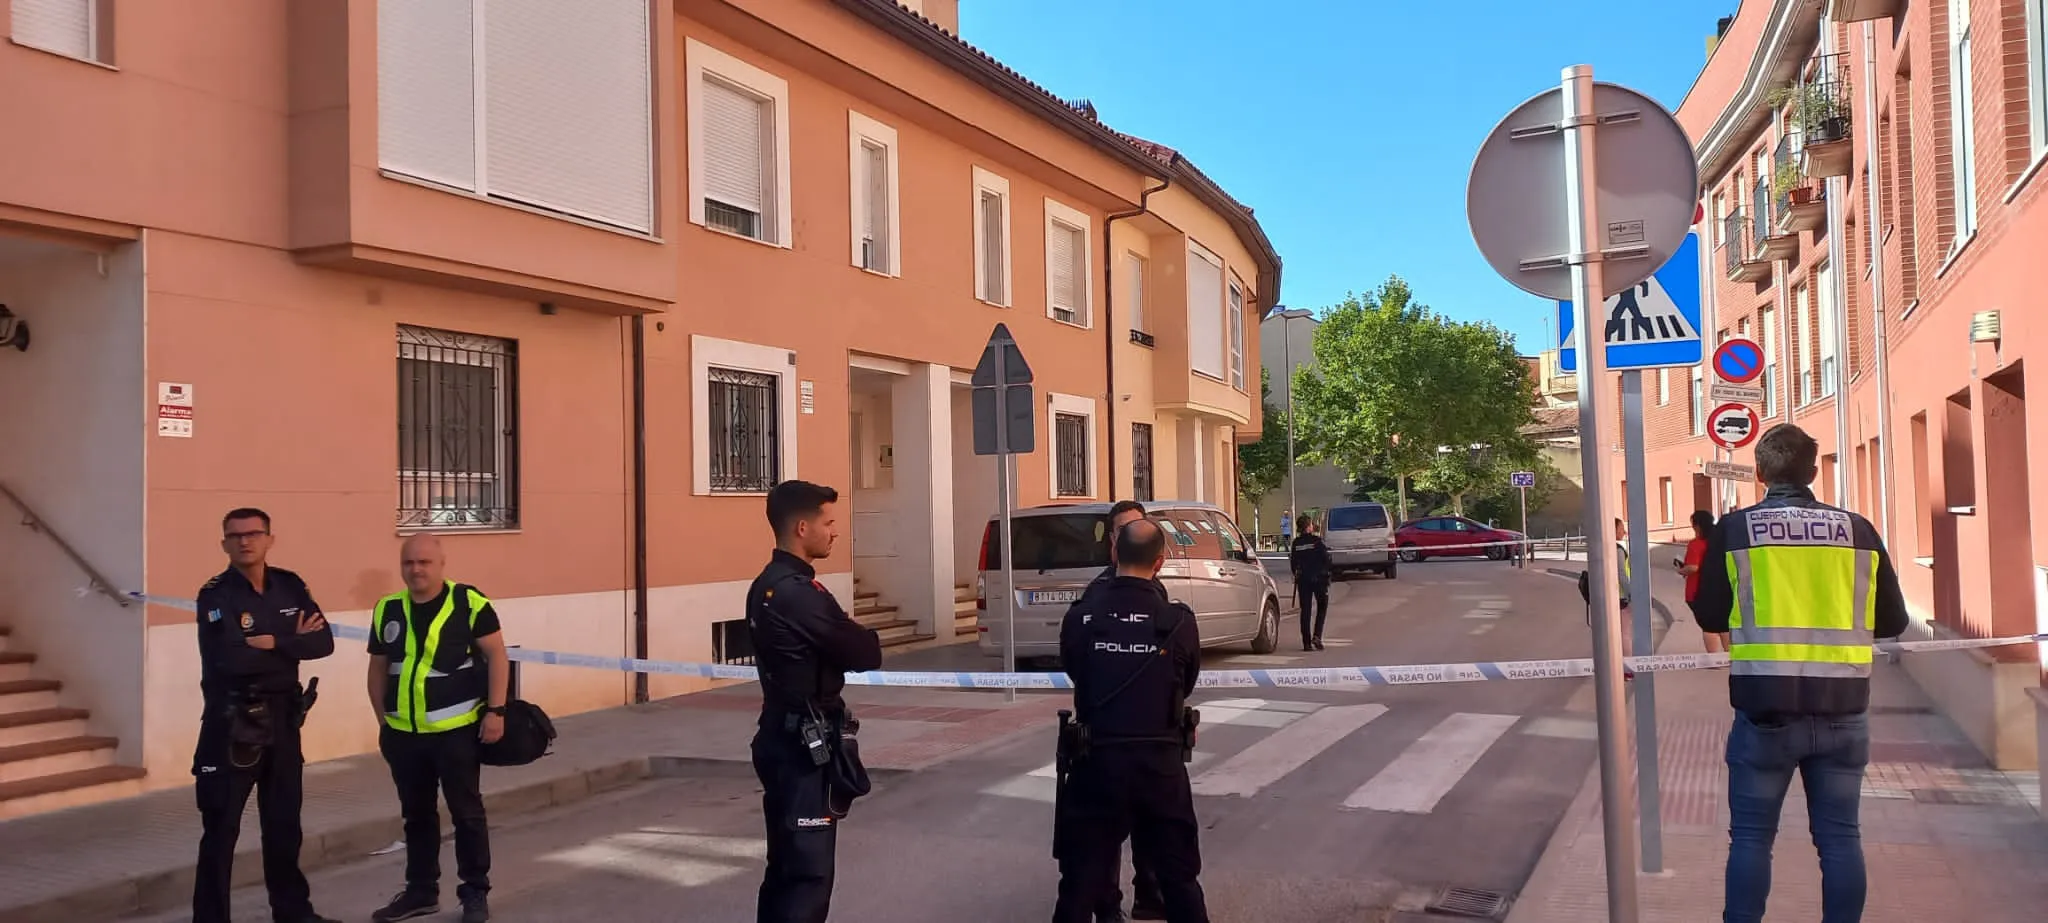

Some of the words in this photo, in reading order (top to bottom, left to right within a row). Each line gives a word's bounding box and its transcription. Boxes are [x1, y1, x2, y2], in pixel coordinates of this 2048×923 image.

[1750, 511, 1788, 520] CUERPO
[1790, 510, 1833, 520] NACIONAL
[1834, 513, 1848, 521] DE
[1751, 522, 1849, 542] POLICIA
[1094, 642, 1158, 653] POLICIA
• • • • •
### Your objective
Go through the material above and repeat it exactly. Omit the pictures.

### Finished exercise
Some of the words in this photo, in reading order (top to bottom, left to right within a row). Each line gives a word's bounding box and its transcription. Boxes are [x1, y1, x2, y2], in pixel coordinates of this 2048×923 image.

[1750, 511, 1788, 520] CUERPO
[1790, 510, 1833, 520] NACIONAL
[1834, 513, 1848, 521] DE
[1751, 522, 1849, 542] POLICIA
[1094, 642, 1158, 653] POLICIA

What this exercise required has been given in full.